Cognitive impairment is a common and feared characteristic of aging processes, and one key mechanism of cognition is hippocampal synaptic structure. Previous studies have reported that gut microbiota dysbiosis occurred in neurodegenerative diseases and other brain disorders with cognitive impairment. However, it is not clear how gender differences affect cognitive impairment in aging processes and whether they affect synaptic structure and gut microbiota. Here, we studied the gender differences in cognitive ability, dendritic morphology, and gut microbiota of adult, middle-, and old-aged rats.

METHODS

The cognitive ability of rats using was assessed by the Y-maze SAB test, the light/dark discrimination test, and the MWM test. Dendritic morphology was investegated by Golgi staining. Microbiota composition, diversity and richness were analyzed by 16S rRNA gene sequencing.

RESULTS

The results showed that the cognitive ability of old-aged rats was decreased than adult and middle-aged rats in the spontaneous alternation behavior test, the light/dark discrimination test in Y-maze, and the MWM test; males have better cognitive ability than the females for middle-aged rats. The neuronal dendritic structures of CA1, CA3, and DG regions of the hippocampus were damaged to different degrees during aging, and the spine loss of females was more than that of males in CA1 and CA3 of middle-aged rats.

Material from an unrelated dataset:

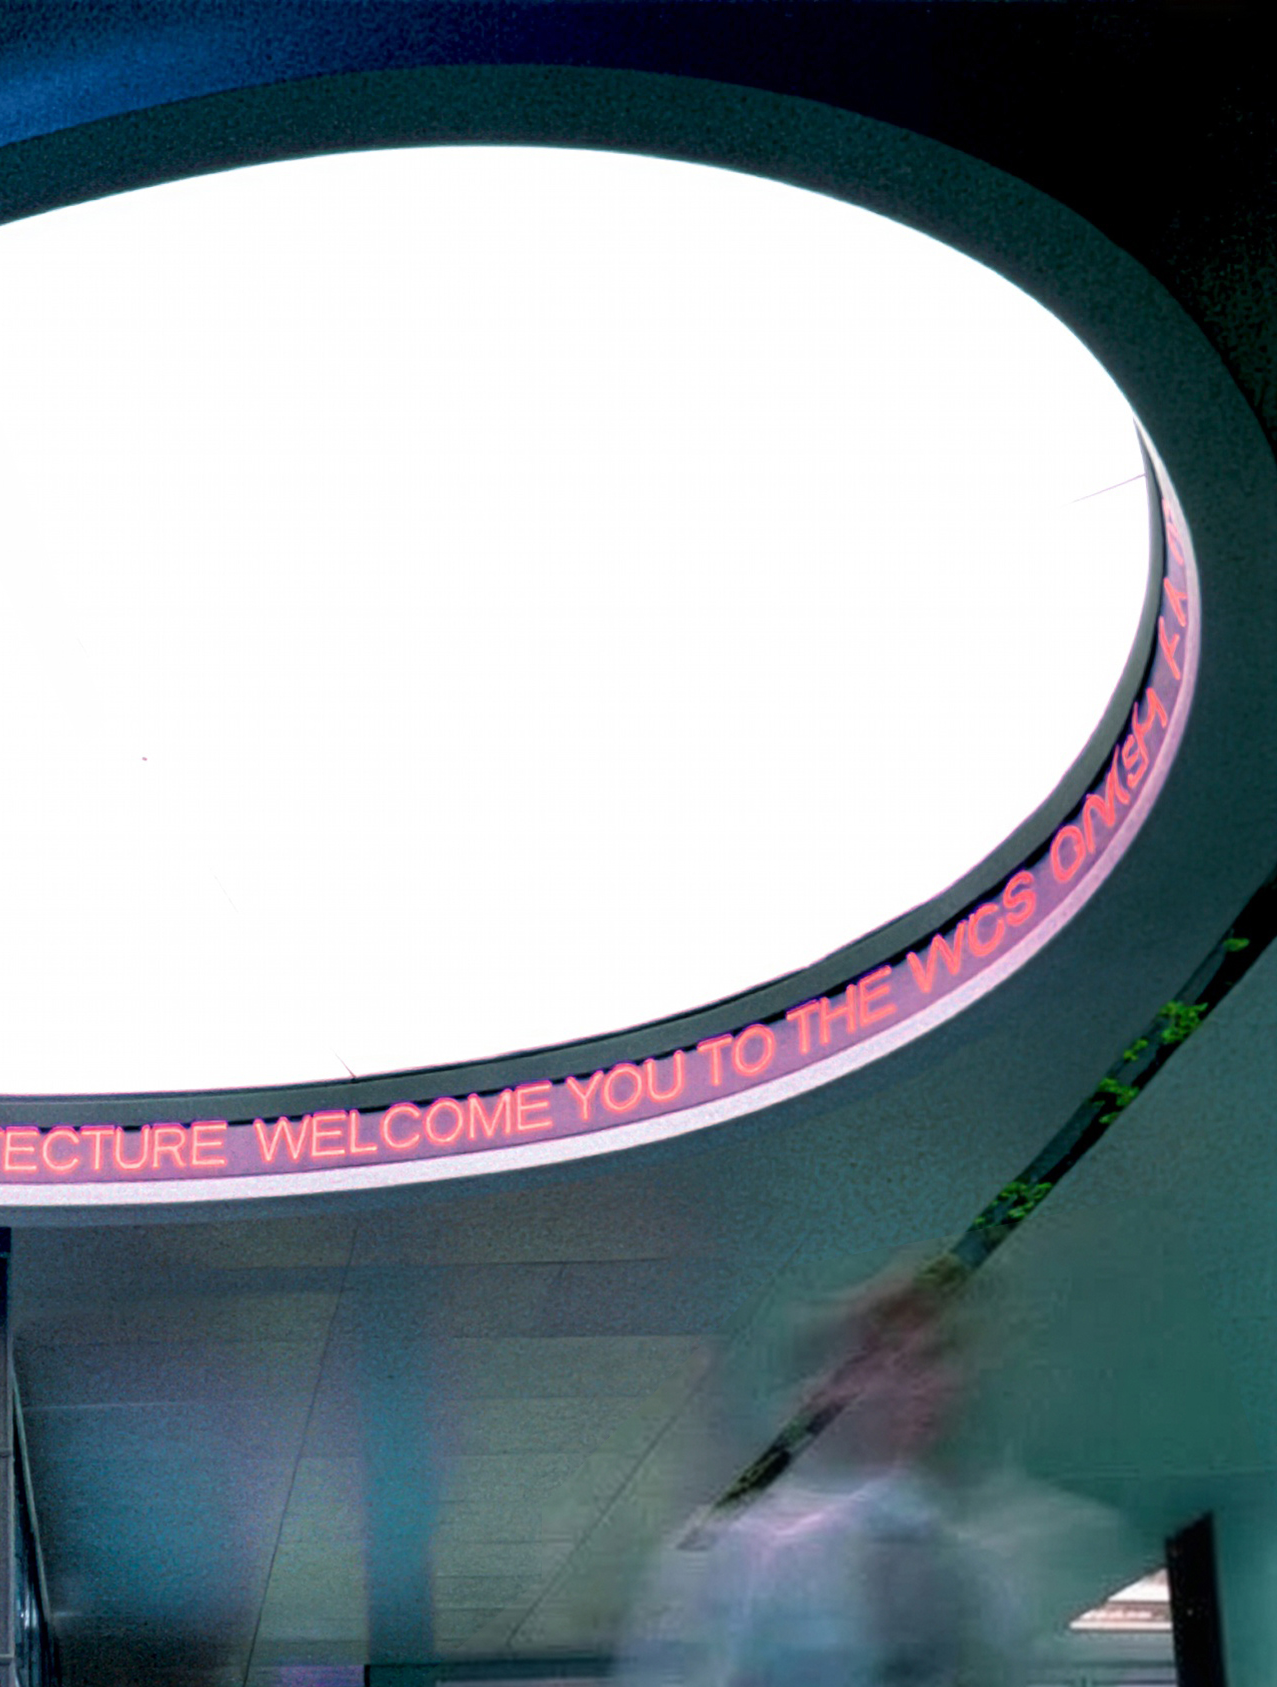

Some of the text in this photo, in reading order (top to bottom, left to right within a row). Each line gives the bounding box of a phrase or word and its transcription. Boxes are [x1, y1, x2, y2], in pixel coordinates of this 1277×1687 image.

In addition, the microbial diversity of gut microbiota was significantly decreased in old-aged male rats; the distribution and composition of microbiota communities were different between male and female rats at different ages.

CONCLUSION

These findings revealed that cognitive impairment in aged rats might result from dendritic damage in the hippocampus and gut microbiota dysbiosis, which provides direct evidence that gender differences in dendritic damage and gut microbiota dysbiosis might associate with cognitive impairment in naturally aged rats.